Coming up with a total borrowed amout is also tricky. These are typically overnight (one day) loans but can be rolled over. Say you borrowed $1 million. Now say you rolled it over a whole month due to a difficult financial situation you found yourself in as a bank. That counts as 30 seperate loans or $30 million even though the total amount you had out at any one time was only $1 million so it is easy to inflate the amount of money actually borrowed. Did you borrow $30 million or did you borrow $1 million on 30 occasions?

Chester Copperpot
06-02-2011, 02:06 PM
It is a bit confusing how that all works. Foreign banks cannot directly apply to borrow funds from the Fed. If a foreign bank is operating branches in the US what they have to do instead is have their home bank apply to the central bank in their own country for a loan and that central bank issues the money to the Fed (and US banks can use the same proceedure to borrow in other countries) and the Fed dispurses the funds to the US branch of the bank- acting as an intermediary- not the direct lender. Collateral is posted against the loans.

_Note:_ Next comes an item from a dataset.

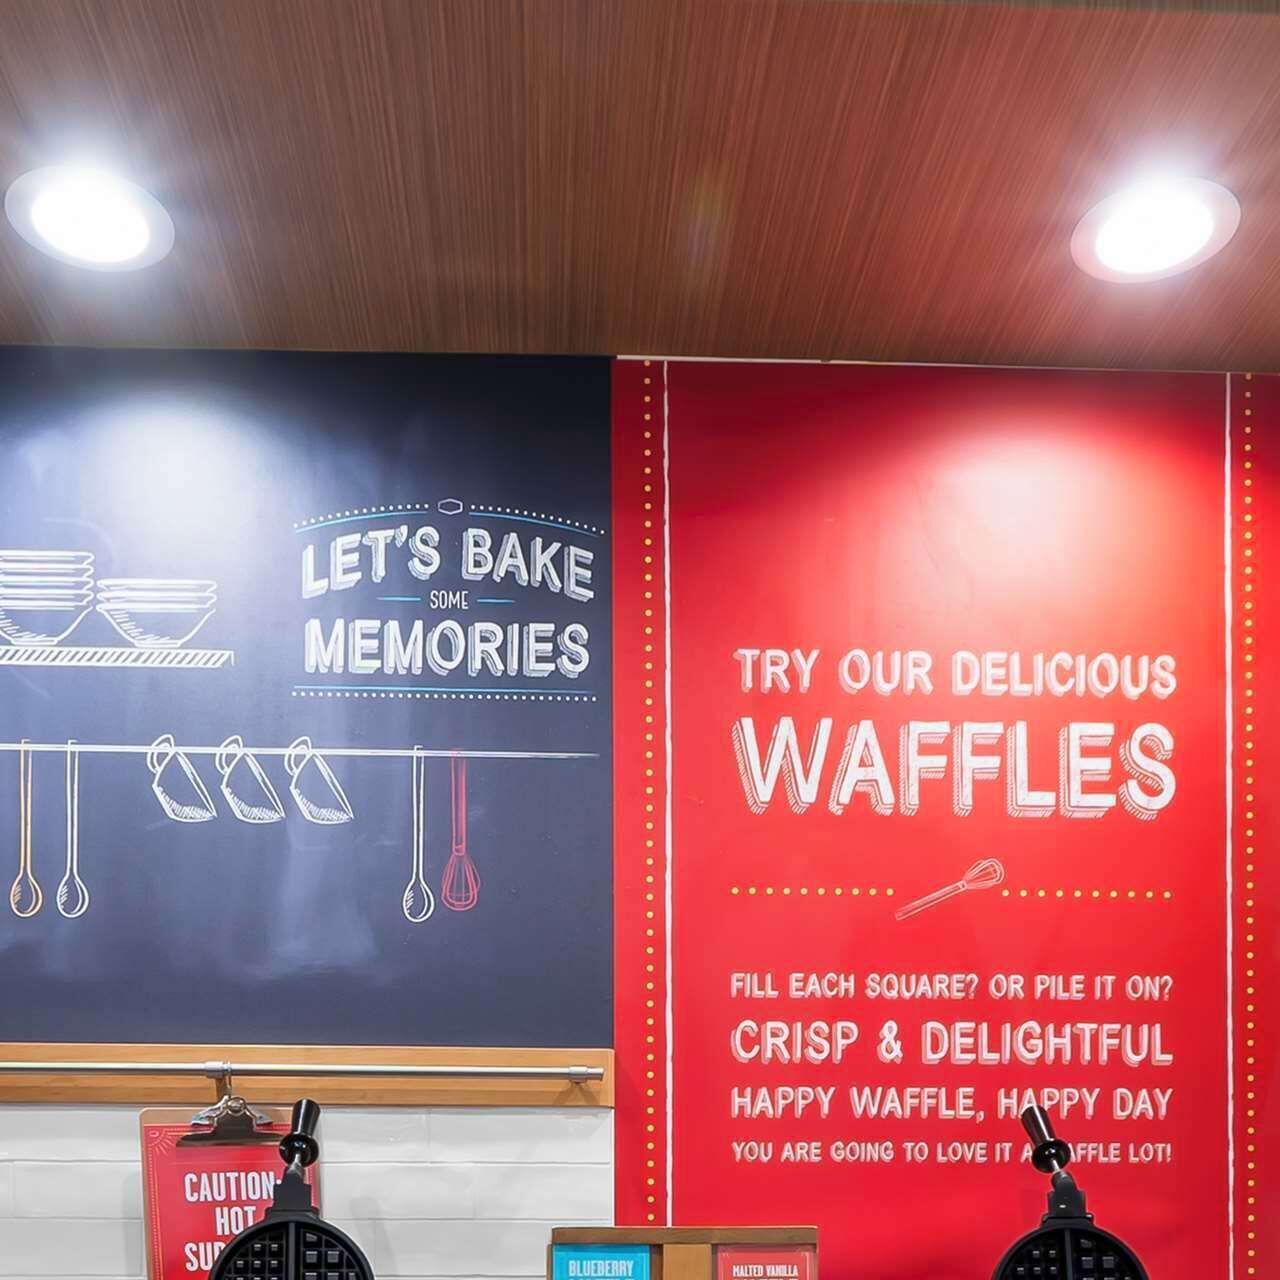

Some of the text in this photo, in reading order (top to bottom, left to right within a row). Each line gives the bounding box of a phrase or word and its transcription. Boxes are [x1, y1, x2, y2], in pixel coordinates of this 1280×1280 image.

Coming up with a total borrowed amout is also tricky. These are typically overnight (one day) loans but can be rolled over. Say you borrowed $10 million. Now say you rolled it over a whole month due to a difficult financial situation you found yourself in as a bank. That counts as 30 seperate loans or $30 million even though the total amount you had out at any one time was only $1 million so it is easy to inflate the amount of money actually borrowed. Did you borrow $30 million or did you borrow $1 million on 30 occasions?
Would be so easy if the fed just opened up their books and let us audit them right?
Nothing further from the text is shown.